The NIST CSF framework is designed to help translate IT risk to business and compliance risk. Simplify and strengthen compliance and cybersecurity together by tackling them with a compliance-focused infosec strategy.

Steps Your Company Can Take

1. Join Forces with the IT Department

A progressive risk-based approach requires compliance and IT departments to work closely together. Compliance has likely already mapped compliance requirements to processes; now it’s time to map IT assets to software and software to processes, which will create a Rosetta Stone for translating information security metrics into business risk and compliance objectives – quantifiable metrics they can measure and report on.

2. Manage What Matters

Not all IT events, processes, and compliance objectives need the same investment in risk management. Work with IT, risk management, and business leadership to help understand what is most important, where your risk management efforts exist today and where you need to make adjustments for the right risk management approach.

3. Map Cybersecurity Risks to Controls and Operations

Map IT processes to business processes and objectives. These mappings can translate information security findings to business and compliance terms and impacts.
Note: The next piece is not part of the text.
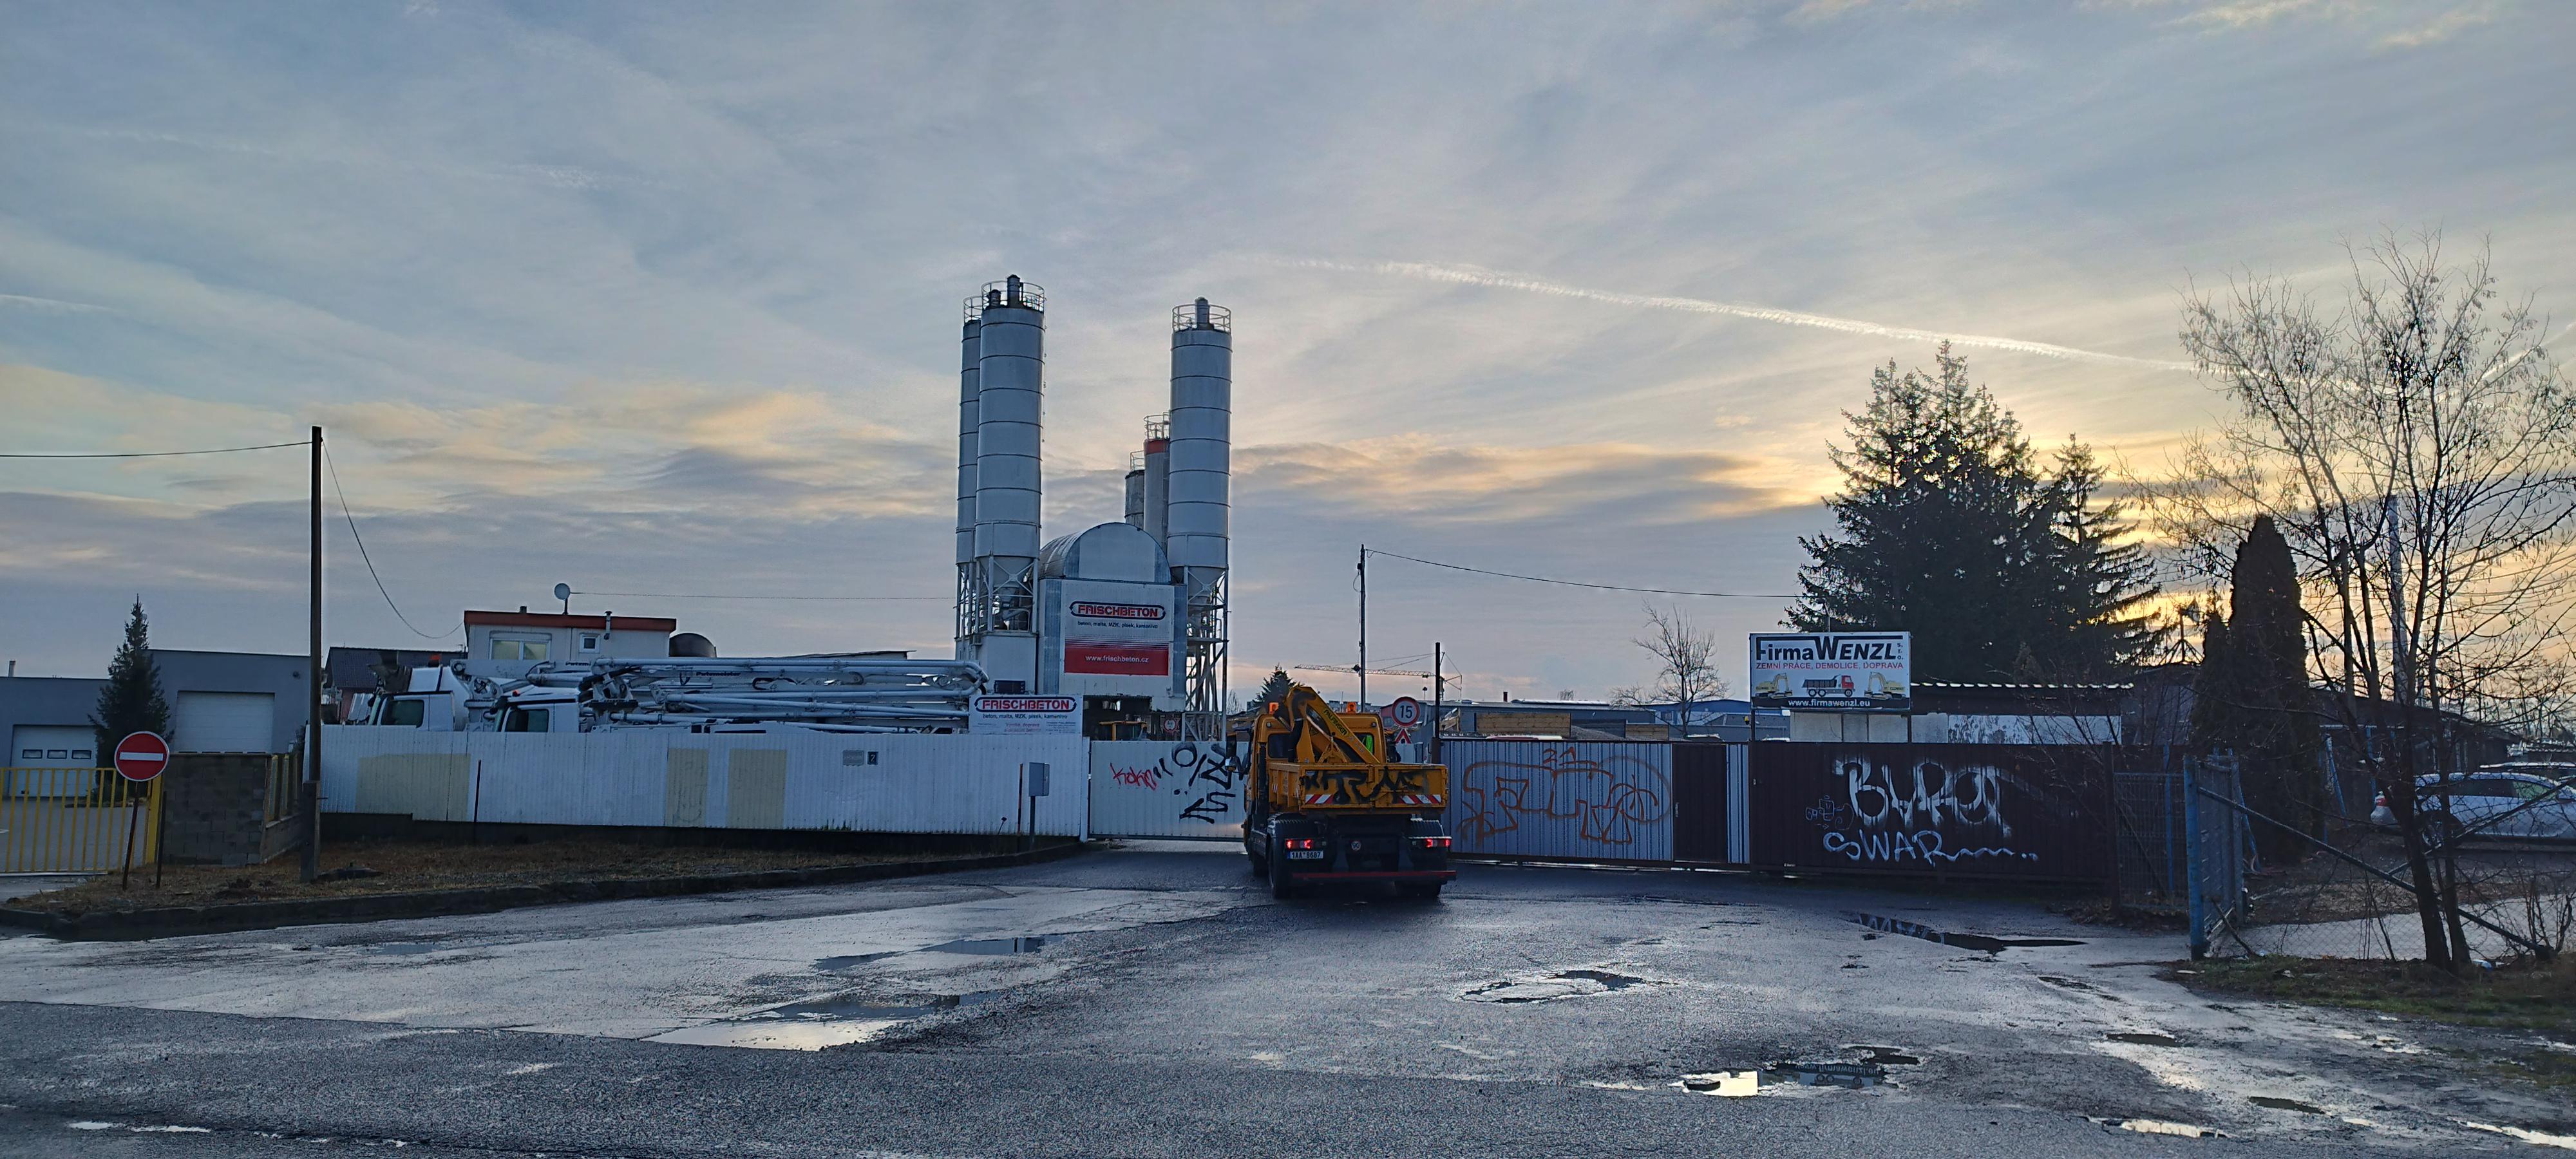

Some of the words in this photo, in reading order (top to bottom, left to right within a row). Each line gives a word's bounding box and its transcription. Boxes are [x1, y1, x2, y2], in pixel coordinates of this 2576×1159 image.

Next, determine and clarify IT and compliance roles to clarify responsibilities for IT compliance and other security issues as they are identified.

4. Contextualize Risk Data to Support All Lines of Business

With a structure and flow of information in place between compliance and IT departments, you have an avenue to report and analyze cybersecurity data and efficiencies. It also becomes an easier task to report risk to different lines of business, such as legal, operations, and product development. Refer to the controls mapping to translate risk information to support and protect other lines of business.

The past year has demonstrated how interconnected and global risk really is. The landscape of business risk in 2021 will be more varied, dangerous, and prolific than in years past. The pandemic-induced remote-work environment will continue to prompt a significant number of information security risks, going far beyond what many compliance professionals may be used to ... and maybe far beyond what we can imagine.

On the other hand, if there were ever a good year to convince leadership and the board to prioritize risk-management initiatives, 2021 is it.